AIM OF THE EXERCISE: The entries below must be copied exactly as they are.

LISTED ENTRIES:
--- --- ---

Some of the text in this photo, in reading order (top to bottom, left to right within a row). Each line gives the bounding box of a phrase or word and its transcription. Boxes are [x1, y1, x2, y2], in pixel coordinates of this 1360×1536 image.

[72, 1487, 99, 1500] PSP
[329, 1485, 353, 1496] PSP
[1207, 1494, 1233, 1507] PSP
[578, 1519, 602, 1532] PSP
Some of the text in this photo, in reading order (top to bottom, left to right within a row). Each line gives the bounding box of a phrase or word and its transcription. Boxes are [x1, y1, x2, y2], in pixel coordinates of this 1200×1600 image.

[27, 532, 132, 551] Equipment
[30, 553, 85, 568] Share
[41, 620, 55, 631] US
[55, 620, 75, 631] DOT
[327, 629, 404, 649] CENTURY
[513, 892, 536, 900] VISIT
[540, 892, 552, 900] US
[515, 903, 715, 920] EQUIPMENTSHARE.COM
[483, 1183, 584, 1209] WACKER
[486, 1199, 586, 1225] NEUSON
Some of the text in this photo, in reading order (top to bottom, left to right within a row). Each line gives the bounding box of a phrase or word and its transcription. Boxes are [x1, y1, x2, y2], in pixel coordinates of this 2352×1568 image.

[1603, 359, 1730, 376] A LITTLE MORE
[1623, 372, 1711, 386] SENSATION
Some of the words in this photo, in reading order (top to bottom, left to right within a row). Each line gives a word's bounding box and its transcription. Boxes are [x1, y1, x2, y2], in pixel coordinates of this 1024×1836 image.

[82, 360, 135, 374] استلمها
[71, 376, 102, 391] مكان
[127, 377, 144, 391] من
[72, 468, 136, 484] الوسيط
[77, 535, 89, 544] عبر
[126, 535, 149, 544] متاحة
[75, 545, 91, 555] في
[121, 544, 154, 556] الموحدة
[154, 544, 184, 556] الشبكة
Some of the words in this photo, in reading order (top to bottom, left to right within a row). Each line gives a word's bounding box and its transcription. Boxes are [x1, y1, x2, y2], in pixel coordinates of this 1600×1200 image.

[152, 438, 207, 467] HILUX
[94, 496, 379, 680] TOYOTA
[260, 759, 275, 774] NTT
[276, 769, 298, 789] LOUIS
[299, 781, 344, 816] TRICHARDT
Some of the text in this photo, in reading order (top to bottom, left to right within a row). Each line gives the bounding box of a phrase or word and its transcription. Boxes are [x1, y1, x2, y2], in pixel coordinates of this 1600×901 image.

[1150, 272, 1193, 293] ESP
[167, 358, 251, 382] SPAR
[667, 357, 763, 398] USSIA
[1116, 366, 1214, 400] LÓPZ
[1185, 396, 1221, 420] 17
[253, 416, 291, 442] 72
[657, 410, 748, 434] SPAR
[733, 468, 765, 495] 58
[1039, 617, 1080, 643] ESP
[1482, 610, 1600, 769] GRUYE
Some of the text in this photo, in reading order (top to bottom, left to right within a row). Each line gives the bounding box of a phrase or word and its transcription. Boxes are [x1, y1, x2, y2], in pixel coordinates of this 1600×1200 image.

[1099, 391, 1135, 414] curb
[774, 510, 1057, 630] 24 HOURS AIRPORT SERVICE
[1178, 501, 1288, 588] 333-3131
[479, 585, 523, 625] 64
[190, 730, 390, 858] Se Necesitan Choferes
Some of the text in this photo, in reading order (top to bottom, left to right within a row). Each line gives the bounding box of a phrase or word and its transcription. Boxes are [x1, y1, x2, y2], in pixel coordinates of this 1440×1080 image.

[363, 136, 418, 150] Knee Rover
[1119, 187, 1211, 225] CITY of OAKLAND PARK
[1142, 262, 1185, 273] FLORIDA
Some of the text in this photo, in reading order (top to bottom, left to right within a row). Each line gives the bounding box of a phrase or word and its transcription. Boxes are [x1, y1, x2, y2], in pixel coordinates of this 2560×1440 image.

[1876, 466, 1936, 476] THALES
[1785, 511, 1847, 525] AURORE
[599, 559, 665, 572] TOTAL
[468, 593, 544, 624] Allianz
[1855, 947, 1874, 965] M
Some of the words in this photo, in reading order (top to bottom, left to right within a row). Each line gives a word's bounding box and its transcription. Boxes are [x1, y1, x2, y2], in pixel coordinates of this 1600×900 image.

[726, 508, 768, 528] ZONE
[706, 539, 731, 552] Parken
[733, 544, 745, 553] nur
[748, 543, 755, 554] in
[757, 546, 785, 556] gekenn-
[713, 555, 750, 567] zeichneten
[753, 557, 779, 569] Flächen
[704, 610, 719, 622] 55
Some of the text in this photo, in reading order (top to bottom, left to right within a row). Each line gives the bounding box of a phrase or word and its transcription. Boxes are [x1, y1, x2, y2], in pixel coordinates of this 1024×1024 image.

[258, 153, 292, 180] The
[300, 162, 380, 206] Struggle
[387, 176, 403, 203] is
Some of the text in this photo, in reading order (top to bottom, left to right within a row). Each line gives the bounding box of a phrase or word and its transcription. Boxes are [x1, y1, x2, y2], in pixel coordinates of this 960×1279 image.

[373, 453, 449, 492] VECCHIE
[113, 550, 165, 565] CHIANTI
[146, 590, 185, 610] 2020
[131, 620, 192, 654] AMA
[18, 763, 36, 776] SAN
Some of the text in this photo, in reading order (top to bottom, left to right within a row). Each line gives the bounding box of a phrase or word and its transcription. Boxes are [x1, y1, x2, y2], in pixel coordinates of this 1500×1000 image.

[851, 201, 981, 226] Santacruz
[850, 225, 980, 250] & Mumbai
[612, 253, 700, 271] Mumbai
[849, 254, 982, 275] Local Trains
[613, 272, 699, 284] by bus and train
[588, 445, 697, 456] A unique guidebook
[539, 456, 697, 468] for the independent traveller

--- --- ---

ANSWER SECTION:
Some of the text in this photo, in reading order (top to bottom, left to right within a row). Each line gives the bounding box of a phrase or word and its transcription. Boxes are [x1, y1, x2, y2], in pixel coordinates of this 1360×1536 image.

[72, 1487, 99, 1500] PSP
[329, 1485, 353, 1496] PSP
[1207, 1494, 1233, 1507] PSP
[578, 1519, 602, 1532] PSP
Some of the text in this photo, in reading order (top to bottom, left to right within a row). Each line gives the bounding box of a phrase or word and its transcription. Boxes are [x1, y1, x2, y2], in pixel coordinates of this 1200×1600 image.

[27, 532, 132, 551] Equipment
[30, 553, 85, 568] Share
[41, 620, 55, 631] US
[55, 620, 75, 631] DOT
[327, 629, 404, 649] CENTURY
[513, 892, 536, 900] VISIT
[540, 892, 552, 900] US
[515, 903, 715, 920] EQUIPMENTSHARE.COM
[483, 1183, 584, 1209] WACKER
[486, 1199, 586, 1225] NEUSON
Some of the text in this photo, in reading order (top to bottom, left to right within a row). Each line gives the bounding box of a phrase or word and its transcription. Boxes are [x1, y1, x2, y2], in pixel coordinates of this 2352×1568 image.

[1603, 359, 1730, 376] A LITTLE MORE
[1623, 372, 1711, 386] SENSATION
Some of the words in this photo, in reading order (top to bottom, left to right within a row). Each line gives a word's bounding box and its transcription. Boxes are [x1, y1, x2, y2], in pixel coordinates of this 1024×1836 image.

[82, 360, 135, 374] استلمها
[71, 376, 102, 391] مكان
[127, 377, 144, 391] من
[72, 468, 136, 484] الوسيط
[77, 535, 89, 544] عبر
[126, 535, 149, 544] متاحة
[75, 545, 91, 555] في
[121, 544, 154, 556] الموحدة
[154, 544, 184, 556] الشبكة
Some of the words in this photo, in reading order (top to bottom, left to right within a row). Each line gives a word's bounding box and its transcription. Boxes are [x1, y1, x2, y2], in pixel coordinates of this 1600×1200 image.

[152, 438, 207, 467] HILUX
[94, 496, 379, 680] TOYOTA
[260, 759, 275, 774] NTT
[276, 769, 298, 789] LOUIS
[299, 781, 344, 816] TRICHARDT
Some of the text in this photo, in reading order (top to bottom, left to right within a row). Each line gives the bounding box of a phrase or word and its transcription. Boxes are [x1, y1, x2, y2], in pixel coordinates of this 1600×901 image.

[1150, 272, 1193, 293] ESP
[167, 358, 251, 382] SPAR
[667, 357, 763, 398] USSIA
[1116, 366, 1214, 400] LÓPZ
[1185, 396, 1221, 420] 17
[253, 416, 291, 442] 72
[657, 410, 748, 434] SPAR
[733, 468, 765, 495] 58
[1039, 617, 1080, 643] ESP
[1482, 610, 1600, 769] GRUYE
Some of the text in this photo, in reading order (top to bottom, left to right within a row). Each line gives the bounding box of a phrase or word and its transcription. Boxes are [x1, y1, x2, y2], in pixel coordinates of this 1600×1200 image.

[1099, 391, 1135, 414] curb
[774, 510, 1057, 630] 24 HOURS AIRPORT SERVICE
[1178, 501, 1288, 588] 333-3131
[479, 585, 523, 625] 64
[190, 730, 390, 858] Se Necesitan Choferes
Some of the text in this photo, in reading order (top to bottom, left to right within a row). Each line gives the bounding box of a phrase or word and its transcription. Boxes are [x1, y1, x2, y2], in pixel coordinates of this 1440×1080 image.

[363, 136, 418, 150] Knee Rover
[1119, 187, 1211, 225] CITY of OAKLAND PARK
[1142, 262, 1185, 273] FLORIDA
Some of the text in this photo, in reading order (top to bottom, left to right within a row). Each line gives the bounding box of a phrase or word and its transcription. Boxes are [x1, y1, x2, y2], in pixel coordinates of this 2560×1440 image.

[1876, 466, 1936, 476] THALES
[1785, 511, 1847, 525] AURORE
[599, 559, 665, 572] TOTAL
[468, 593, 544, 624] Allianz
[1855, 947, 1874, 965] M
Some of the words in this photo, in reading order (top to bottom, left to right within a row). Each line gives a word's bounding box and its transcription. Boxes are [x1, y1, x2, y2], in pixel coordinates of this 1600×900 image.

[726, 508, 768, 528] ZONE
[706, 539, 731, 552] Parken
[733, 544, 745, 553] nur
[748, 543, 755, 554] in
[757, 546, 785, 556] gekenn-
[713, 555, 750, 567] zeichneten
[753, 557, 779, 569] Flächen
[704, 610, 719, 622] 55
Some of the text in this photo, in reading order (top to bottom, left to right within a row). Each line gives the bounding box of a phrase or word and its transcription. Boxes are [x1, y1, x2, y2], in pixel coordinates of this 1024×1024 image.

[258, 153, 292, 180] The
[300, 162, 380, 206] Struggle
[387, 176, 403, 203] is
Some of the text in this photo, in reading order (top to bottom, left to right within a row). Each line gives the bounding box of a phrase or word and its transcription. Boxes are [x1, y1, x2, y2], in pixel coordinates of this 960×1279 image.

[373, 453, 449, 492] VECCHIE
[113, 550, 165, 565] CHIANTI
[146, 590, 185, 610] 2020
[131, 620, 192, 654] AMA
[18, 763, 36, 776] SAN
Some of the text in this photo, in reading order (top to bottom, left to right within a row). Each line gives the bounding box of a phrase or word and its transcription. Boxes are [x1, y1, x2, y2], in pixel coordinates of this 1500×1000 image.

[851, 201, 981, 226] Santacruz
[850, 225, 980, 250] & Mumbai
[612, 253, 700, 271] Mumbai
[849, 254, 982, 275] Local Trains
[613, 272, 699, 284] by bus and train
[588, 445, 697, 456] A unique guidebook
[539, 456, 697, 468] for the independent traveller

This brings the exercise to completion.